It's a beautiful day.
You probably don't know, but I was on Twitter from around 2014 up until the dawn of X. (the name of the platform, not the punk band)
Yes, as I am somewhat ashamed to admit, I tolerated the Muskrat's consumerist bull crap for what may have been too long. I had previously experimented with Tumblr in the past, originally wanting to do an ask blog. (Yeah, remember those?) But alas, that account sat abandoned for a good few years before I deleted it. But I'm back.
To say my time on Twitter was all bad, would be a lie. I met some real nice people on Twitter, and I hardly ever had a bad experience. It was through Twitter I really started embracing my role in the Sailor Moon fandom. But once the Muskrat took over, it would be an understatement to say all hell broke loose - It was practically Armageddon.

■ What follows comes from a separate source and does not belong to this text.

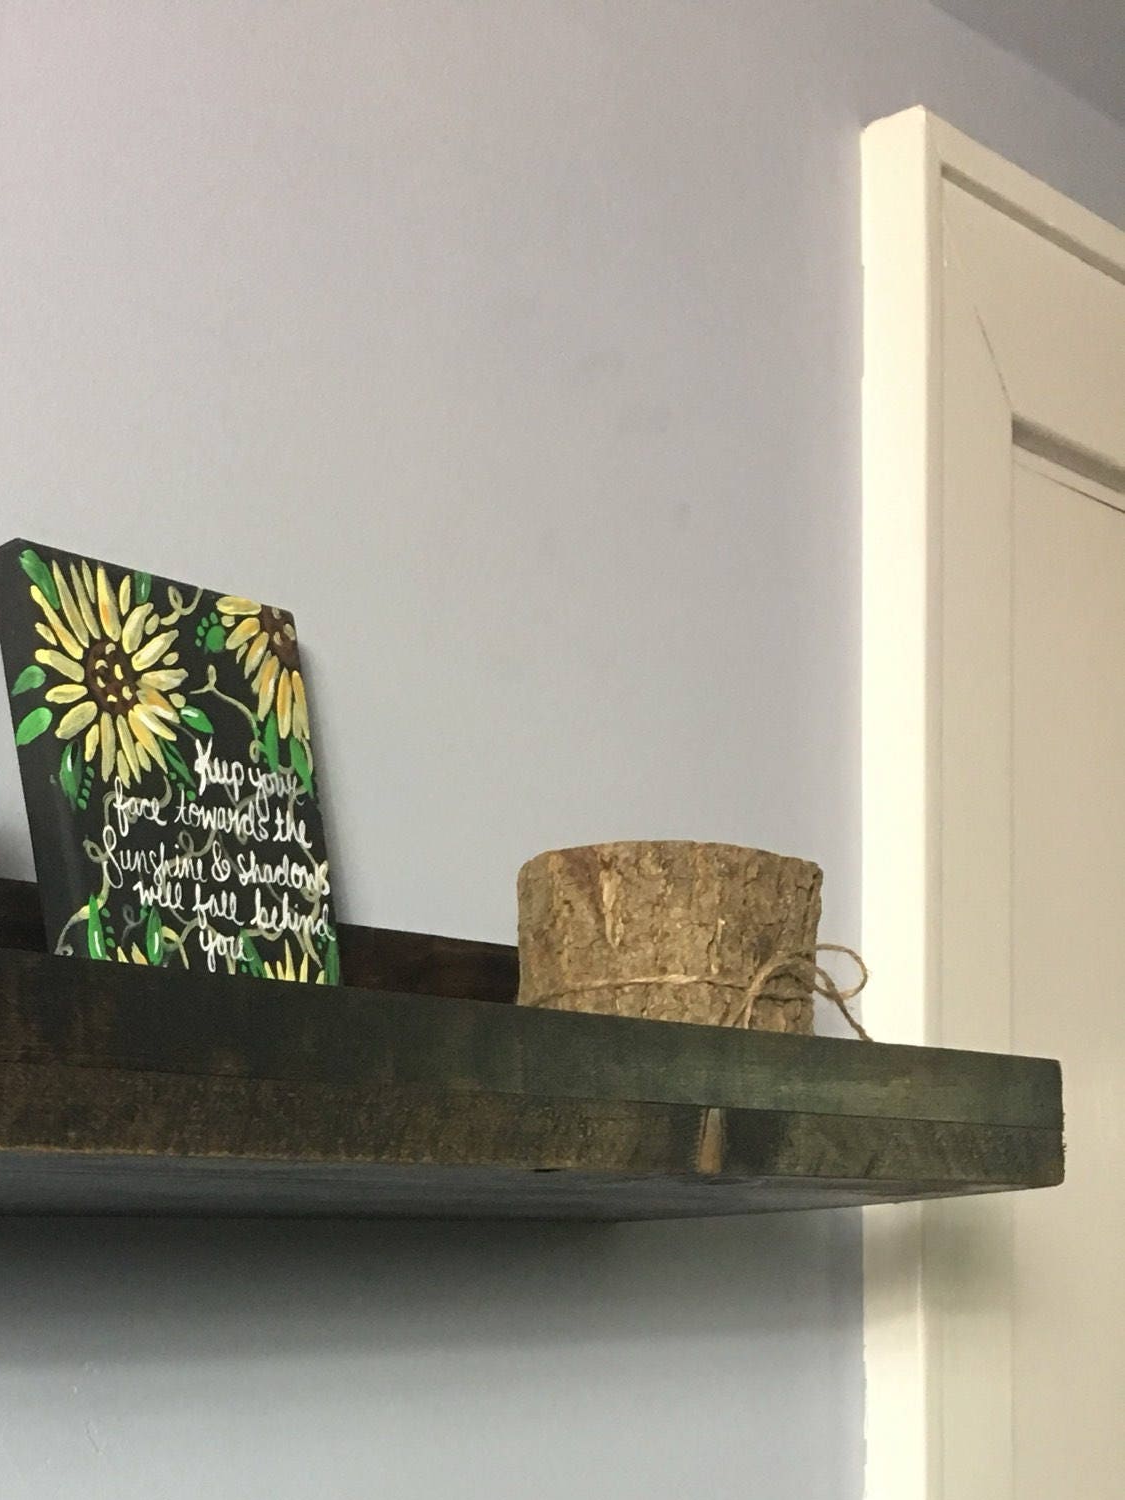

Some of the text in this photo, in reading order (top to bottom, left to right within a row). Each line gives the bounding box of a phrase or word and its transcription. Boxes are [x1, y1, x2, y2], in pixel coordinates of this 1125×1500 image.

Verified accounts being prioritized, limits being placed on the amounts of tweets you can view, punishing those who dared say a bad thing about the Muskrat, barring off links to other platforms, it's fair to say that The Social Media Platform (Formerly Known as Twitter) was slowly becoming a small authoritarian city-state of the Internet.
But I tolerated it. I endured it. But as with a lot of endurances, there will be a straw that will break the camel's back. And for me, that was X.
I was shocked. Flabbergasted, even. The Muskrat had basically stripped the platform of its very identity -- And for me, that was the breaking point. I had to get off Twitter. I put my account into an archive state, and earlier today, I deactivated it for real.
Thus bringing a bitter end to my time with Twitter. What started as a place to speak your mind, and share your interests, slowly but surely became a place to really watch your tongue lest Big Brother Muskrat banish you. I guess all good things must come to an end someday.
Long rant over; Allow me to introduce myself!
Hello, my name is Maxwell. I'm an artist type. I'm a huge fan of Sailor Moon, though not necessarily anime in general, and I also really enjoy things from decades before my birth -- Especially 1980's new wave music.
Now, I know what you're thinking, "Oh, you're just another one of those 'born in the wrong generation' type people, are you?"
Trust me, I've seen those kind of people. I don't know what they're like, but they seem a bit fake. However, I mean it. I genuinely love old music. Other interests of mine include SpongeBob SquarePants, retro video games, making song mashups, drawing cartoons, and Neil Cicierega. I am a liberal democrat, in case you were wondering.
I was diagnosed with Asperger's syndrome at an early age, which puts me on the autism spectrum. The exact details I will not go into.
And that's really the lot of it. I hope to see you around!